By María Josefina Arce
On September 11, 1973, horror and death came to Chile. The coup d'état, led by General Augusto Pinochet, against the government of constitutional president Salvador Allende broke democracy and installed state terrorism. It was the beginning of one of the darkest and saddest periods in the history of the South American nation.
For 17 years, the military dictatorship resorted to the cruelest and most perverse methods to exterminate political opponents. Torture, executions, forced disappearances and exile were part of the daily life of Chileans.
The number of victims of the military dictatorship, in whose establishment and subsequent maintenance the United States played a decisive role, amounts to more than 40,000, including those tortured, executed or disappeared.
The hand of the CIA, Central Intelligence Agency of the United States, was always behind the coup. Since Allende was emerging as the winner of the 1970 elections, U.S. agents stationed in Chile began a campaign of attrition, in collusion with the right wing.
This complicity continued after Allende's rise to power. Washington, together with the oligarchy, would be in charge of sabotaging the economy of the South American country to create a tense situation and discontent among the population.
They were three difficult years, of obstacles to carry out the government program of the Popular Unity in favor of all citizens, and which had among its most striking measures the nationalization of copper, which returned to its true owners an important natural resource of the country.
The coup uprising overthrew what had been achieved in the 1000 days of the Popular Unity government, and turned Chile into a laboratory of neoliberalism, an unjust, privatizing and inequality-generating model that was spreading throughout the region.
But the persecution and elimination of political opponents also spread throughout the continent, with the support of the United States.
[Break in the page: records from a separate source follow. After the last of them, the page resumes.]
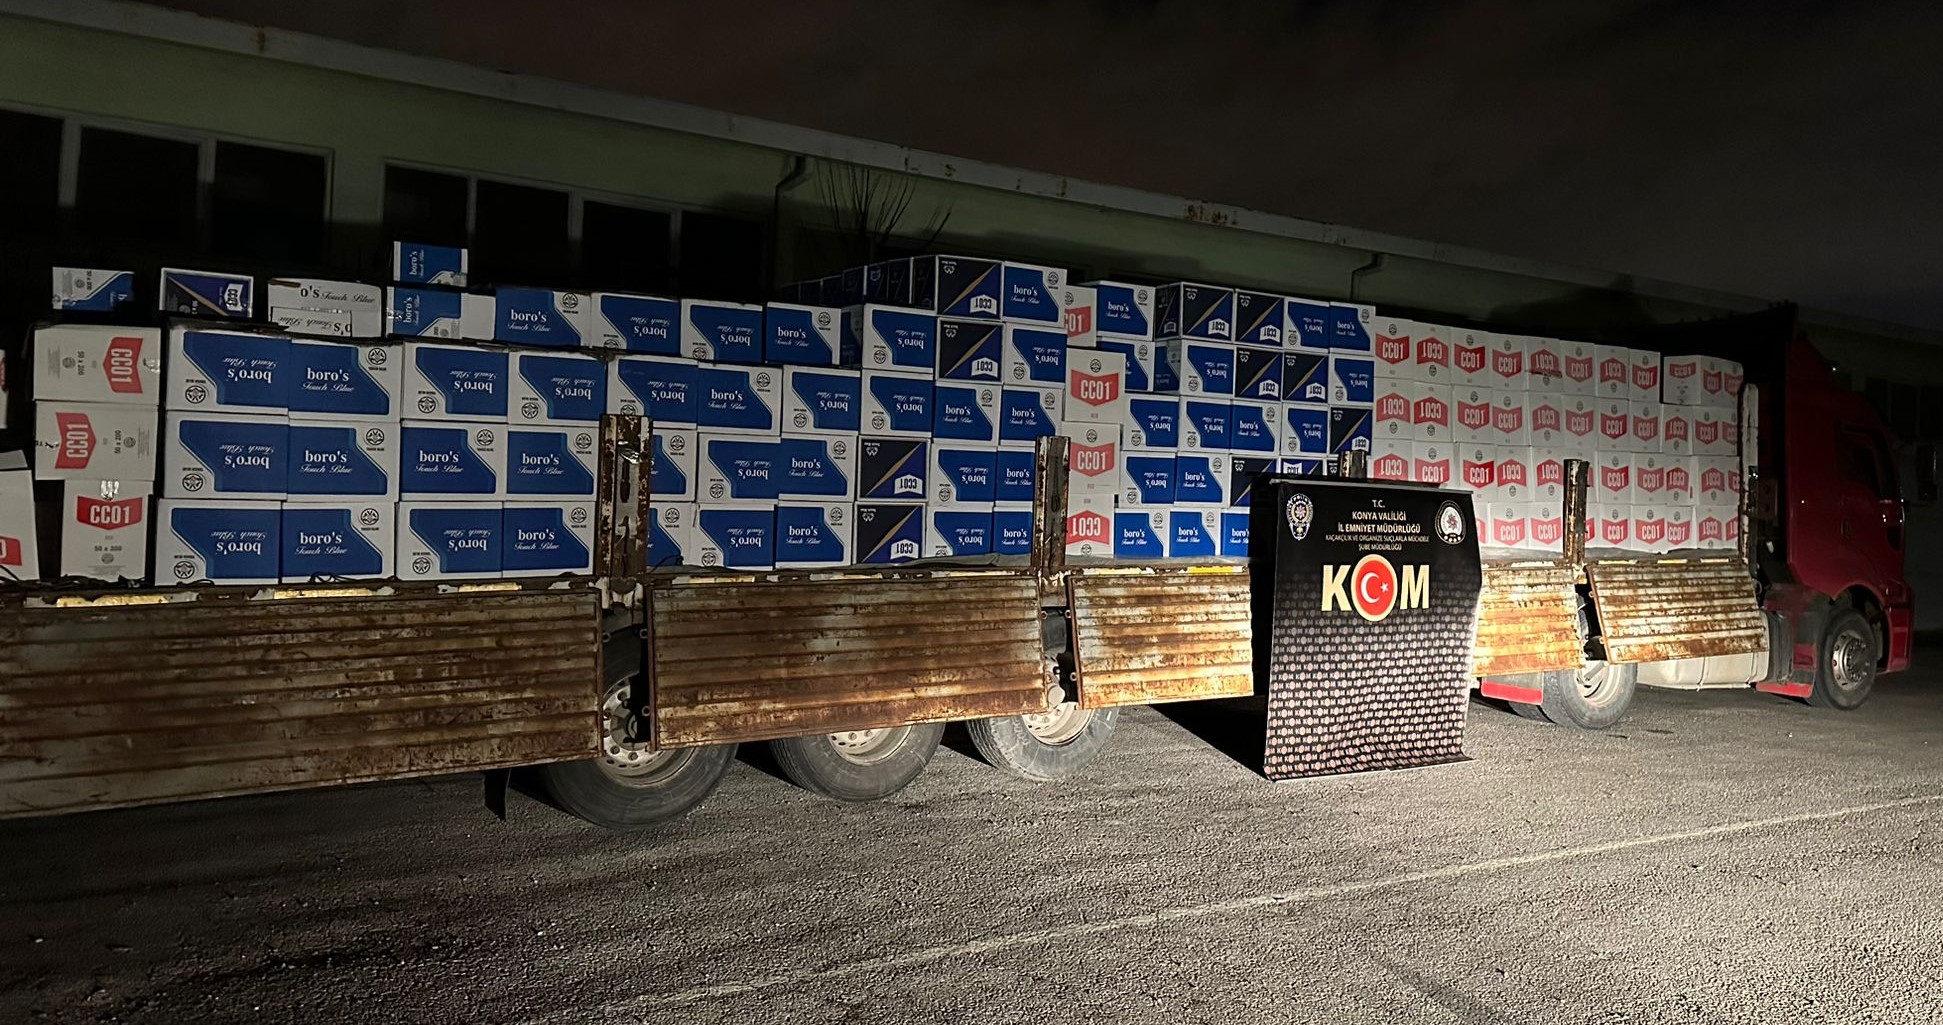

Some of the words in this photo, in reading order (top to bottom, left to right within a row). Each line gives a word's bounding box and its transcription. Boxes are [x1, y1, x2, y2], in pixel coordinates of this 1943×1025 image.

[409, 251, 417, 275] boro's
[1014, 285, 1037, 297] boro's
[402, 297, 414, 323] boro's
[1108, 302, 1129, 313] boro's
[511, 309, 546, 323] boro's
[634, 326, 666, 339] boro's
[778, 327, 806, 339] boro's
[721, 333, 750, 346] boro's
[898, 336, 923, 349] boro's
[1382, 342, 1404, 359] CC01
[1422, 342, 1442, 358] CC01
[112, 349, 132, 383] CC01
[1035, 354, 1058, 365] boro's
[1460, 351, 1480, 368] CC01
[1498, 356, 1517, 372] CC01
[1535, 354, 1554, 369] CC01
[228, 369, 271, 383] boro's
[307, 368, 349, 383] boro's
[1207, 369, 1227, 378] boro's
[454, 381, 492, 394] boro's
[556, 386, 591, 400] boro's
[1081, 380, 1110, 400] CC01
[652, 389, 684, 403] boro's
[712, 389, 743, 402] boro's
[820, 399, 848, 412] boro's
[896, 403, 922, 414] boro's
[946, 405, 970, 417] boro's
[1382, 400, 1404, 415] CC01
[1420, 402, 1441, 419] CC01
[1012, 408, 1035, 419] boro's
[1464, 409, 1484, 424] CC01
[1537, 409, 1555, 425] CC01
[1150, 422, 1170, 431] boro's
[1240, 420, 1258, 431] boro's
[1498, 413, 1517, 428] CC01
[1204, 423, 1223, 433] boro's
[67, 422, 88, 458] CC01
[225, 456, 269, 469] boro's
[305, 450, 347, 462] boro's
[420, 450, 458, 462] boro's
[523, 453, 559, 464] boro's
[1078, 451, 1106, 470] CC01
[792, 458, 821, 470] boro's
[1380, 460, 1402, 476] CC01
[738, 469, 768, 480] boro's
[1007, 468, 1029, 478] boro's
[1185, 472, 1205, 481] boro's
[1422, 466, 1444, 482] CC01
[1469, 468, 1489, 483] CC01
[1502, 465, 1521, 480] CC01
[1541, 464, 1559, 480] CC01
[962, 473, 986, 485] boro's
[1146, 479, 1166, 488] boro's
[1372, 500, 1385, 508] T.C.
[90, 505, 129, 524] CC01
[1351, 511, 1377, 520] KONYA
[1378, 511, 1406, 521] VALİLİĞİ
[789, 526, 818, 536] boro's
[1071, 516, 1101, 535] CC01
[1179, 527, 1198, 536] boro's
[1338, 522, 1344, 532] İL
[1345, 523, 1375, 533] EMNİYET
[1376, 523, 1421, 533] MÜDÜRLÜĞÜ
[1537, 524, 1556, 540] CC01
[300, 532, 342, 544] boro's
[518, 529, 554, 540] boro's
[1004, 528, 1027, 537] boro's
[1124, 529, 1145, 537] boro's
[1500, 524, 1520, 541] CC01
[449, 539, 487, 551] boro's
[731, 537, 761, 547] boro's
[959, 534, 982, 545] boro's
[217, 542, 261, 555] boro's
The so-called Operation Condor was a repressive coordination between the dictatorships of the area that left tens of thousands of victims.
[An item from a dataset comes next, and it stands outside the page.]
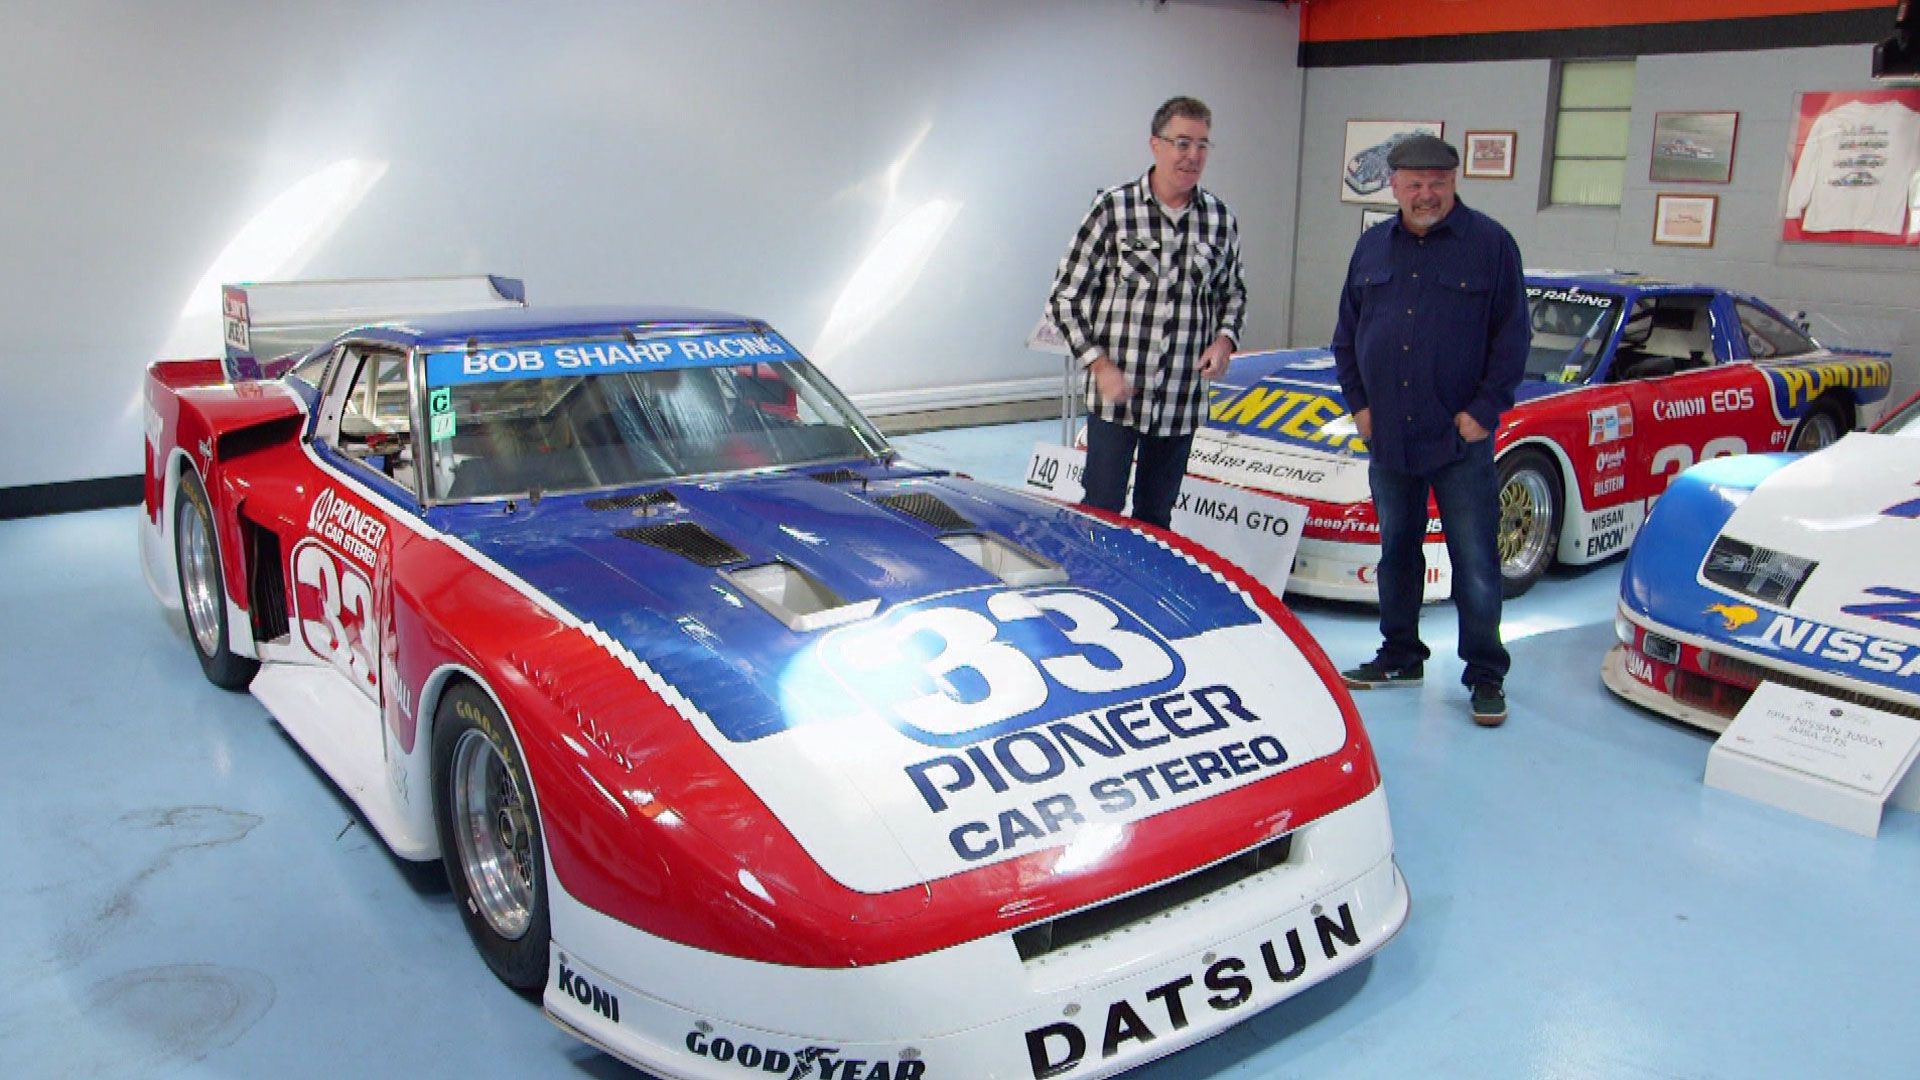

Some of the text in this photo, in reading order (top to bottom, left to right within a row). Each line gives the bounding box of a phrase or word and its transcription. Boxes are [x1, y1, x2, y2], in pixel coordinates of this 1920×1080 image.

Fifty years after that fateful day of September 11, 1973, which sowed terror in Chile, there are many open wounds in Chilean society. One question that still remains unanswered is where are the more than one thousand missing persons? For this reason, the government of President Gabriel Boric launched a National Plan for the Search for Truth and Justice.
Not all those responsible for the crimes against humanity committed during the military dictatorship have yet been punished, nor has the whole truth been clarified.
Pinochet, a key man of the United States, died in December 2006 at the age of 91 in the Military Hospital in Santiago de Chile, without having been convicted for his atrocious crimes and human rights violations.
Today many Chilean families still mourn his parents, children and grandchildren. September 11, 1973 changed the course of the country, which was immersed in horror and fear. For this reason, although the right wing tries to rewrite history and deny the past, for a large part of society it is forbidden to forget in order to avoid the return of a dark period that took the lives of tens of thousands of Chileans.